A common issue which occurs when you’re looking to buy weather data is comparing weather data providers. Lots of companies sell weather data, but it may not be the kind of weather data which suits your use case. For example, a real-time weather data broker will provide live weather updates, whereas another provider will offer exclusively historical weather datasets. This means it’s vital to get a weather data sample before you buy data or subscribe to a provider. This way, you can make sure that you’re getting exactly the right weather intelligence for your needs.
Questions for Weather Data providers
To get the best weather data, ask your provider the following:
- How far back does their historical weather data stretch?
- How far into the future do their weather forecasts go?
- How fast can they update their dataset to match the volatility of the weather?
- Can the provider’s dataset be integrated with your current business technologies and what does this integration process look like?
- What quality assurance methodologies does the weather data provider use to remove errors?
- If applicable, who carries out external data quality assessment for the weather data provider?
- Does their intelligence come from the best weather data sources? Do they collect their data from multiple sources, and if so, what are these sources?
- Can you get a weather data sample or demo their weather API with a free trial?
- What format is their weather data delivered in? CSV? JSON? REST API?
Who are the best Weather Data providers?
Finding the right Weather Data provider for you really depends on your unique use case and data requirements, including budget and geographical coverage. Popular Weather Data providers that you might want to buy Weather Data from are CustomWeather, Ambee, Meteomatics, OikoLab Weather, and Storm Glass.
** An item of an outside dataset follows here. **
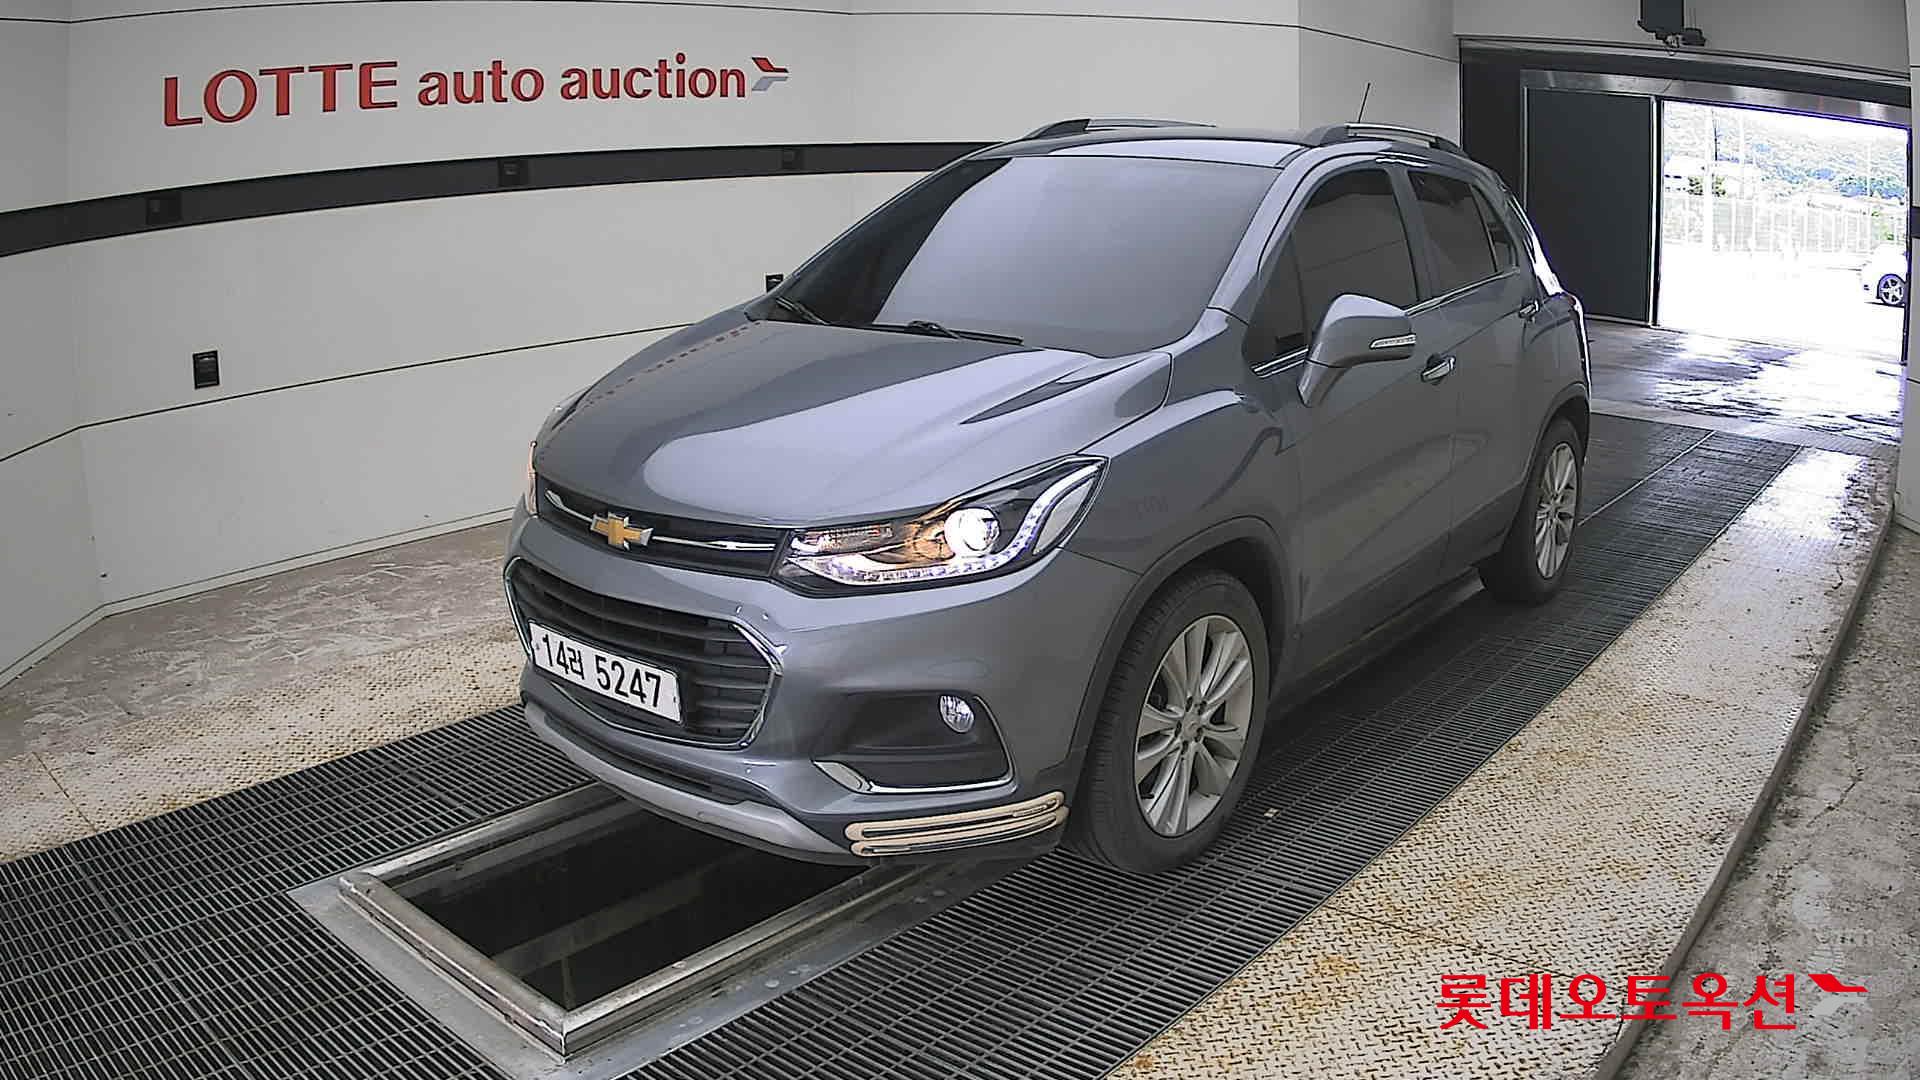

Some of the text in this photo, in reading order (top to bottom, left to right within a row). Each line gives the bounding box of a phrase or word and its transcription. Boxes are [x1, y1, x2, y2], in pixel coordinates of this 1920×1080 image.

[164, 52, 746, 127] LOTTE auto auction
[595, 654, 661, 708] 5247
Where can I buy Weather Data?
Data providers and vendors listed on Datarade sell Weather Data products and samples. Popular Weather Data products and datasets available on our platform are Ambee: Weather API - Global Coverage by Ambee, CustomWeather - Historical Hourly and Daily Weather Observations - 100 Years by CustomWeather, and OnPoint Weather by Weather Source | Global Weather Data for any location (historic, present, forecast) by Weather Source.
How can I get Weather Data?
You can get Weather Data via a range of delivery methods - the right one for you depends on your use case. For example, historical Weather Data is usually available to download in bulk and delivered using an S3 bucket. On the other hand, if your use case is time-critical, you can buy real-time Weather Data APIs, feeds and streams to download the most up-to-date intelligence.